Un soutien logistique à ses voyages a été fourni par le ministère des Transports, qui l’a chargé de travailler en juin et juillet 1909 le long de la voie navigable Marinski dans le nord-ouest de la Russie. Cette voie était intrinsèquement liée au développement de Saint-Pétersbourg, fondée en 1703 et désignée capitale de la Russie en 1712.

La voie navigable Marinski s’étendait du fleuve Neva (à Saint-Pétersbourg) au lac Ladoga, puis via la rivière Svir jusqu’à la rive sud du lac Onega. Au-delà de ce bassin naturel, la rivière Vytegra et un canal menaient via la rivière Kovja jusqu’au lac Blanc (Beloïe Ozero). Ce lac est connecté à la rivière Cheksna, qui, sur son itinéraire menant au port de Rybnisk, sur la Volga, coule à travers ce qui est maintenant la ville industrielle de Tcherepovets.

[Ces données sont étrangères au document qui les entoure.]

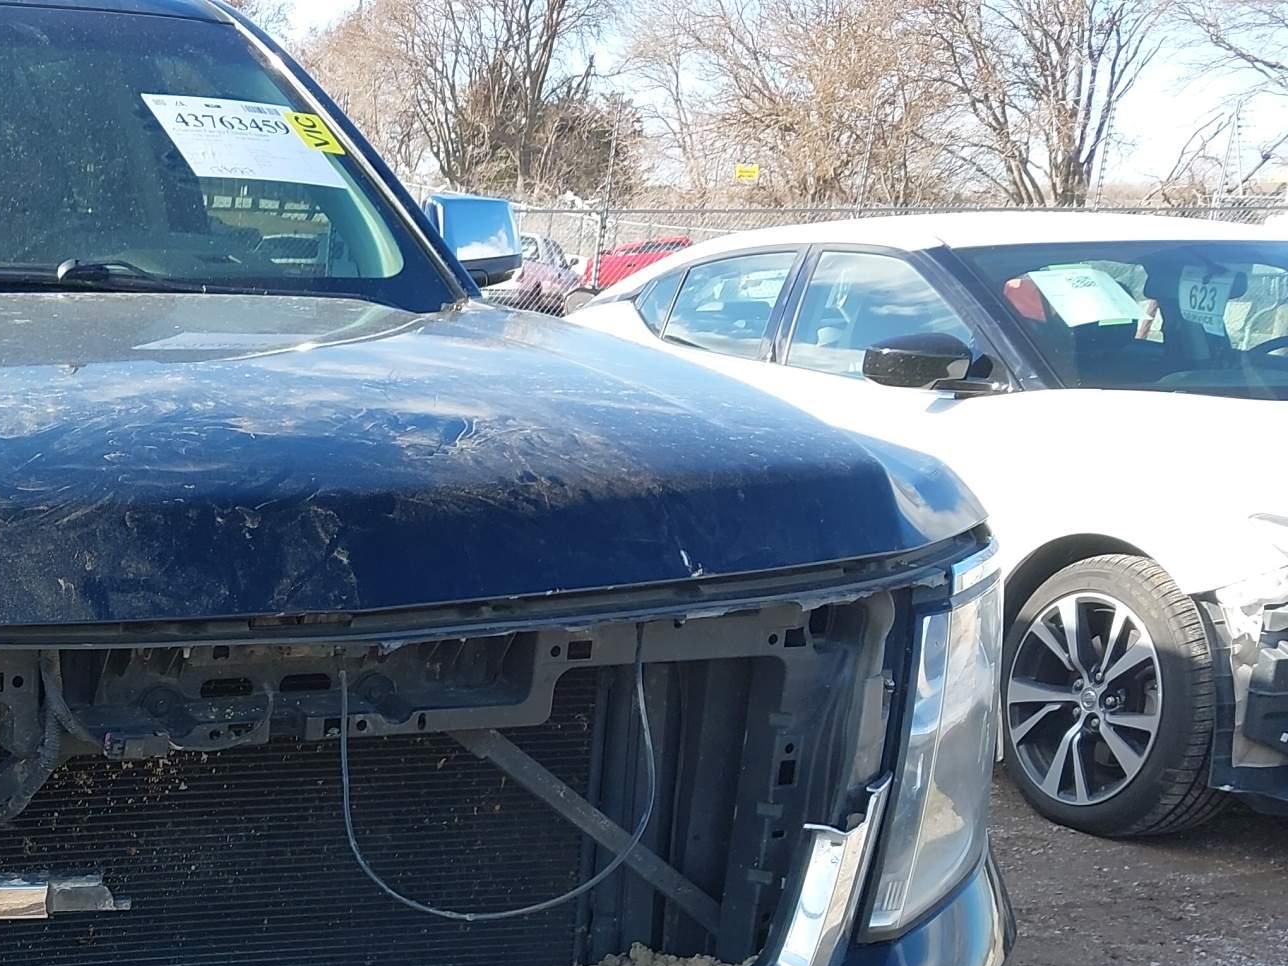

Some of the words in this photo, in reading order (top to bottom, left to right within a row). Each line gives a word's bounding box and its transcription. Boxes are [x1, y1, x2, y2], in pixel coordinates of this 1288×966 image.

[175, 112, 290, 135] 43763459
[294, 115, 330, 147] VIC
[1189, 284, 1217, 312] 623

Couvent de la Nativité de Jean-Baptiste

Au cours de son voyage le long de la Cheksna en 1909, Prokoudine-Gorski a réalisé une série de photographies saisissantes du couvent de la Nativité de Jean-Baptiste à Leouchino, à 35 km au sud de Tcherepovets. Bien que fondé en tant que communauté monastique en 1875 seulement, le couvent et son atelier de peinture d’icônes étaient parmi les plus renommés de Russie au moment de la visite du photographe. Il a immortalisé un vaste complexe de bâtiments en briques, dont l’imposante cathédrale de la Louange à la Sainte Vierge, tous érigés sous la supervision active de l’higoumène Taïssia (Solopova ; 1842-1915).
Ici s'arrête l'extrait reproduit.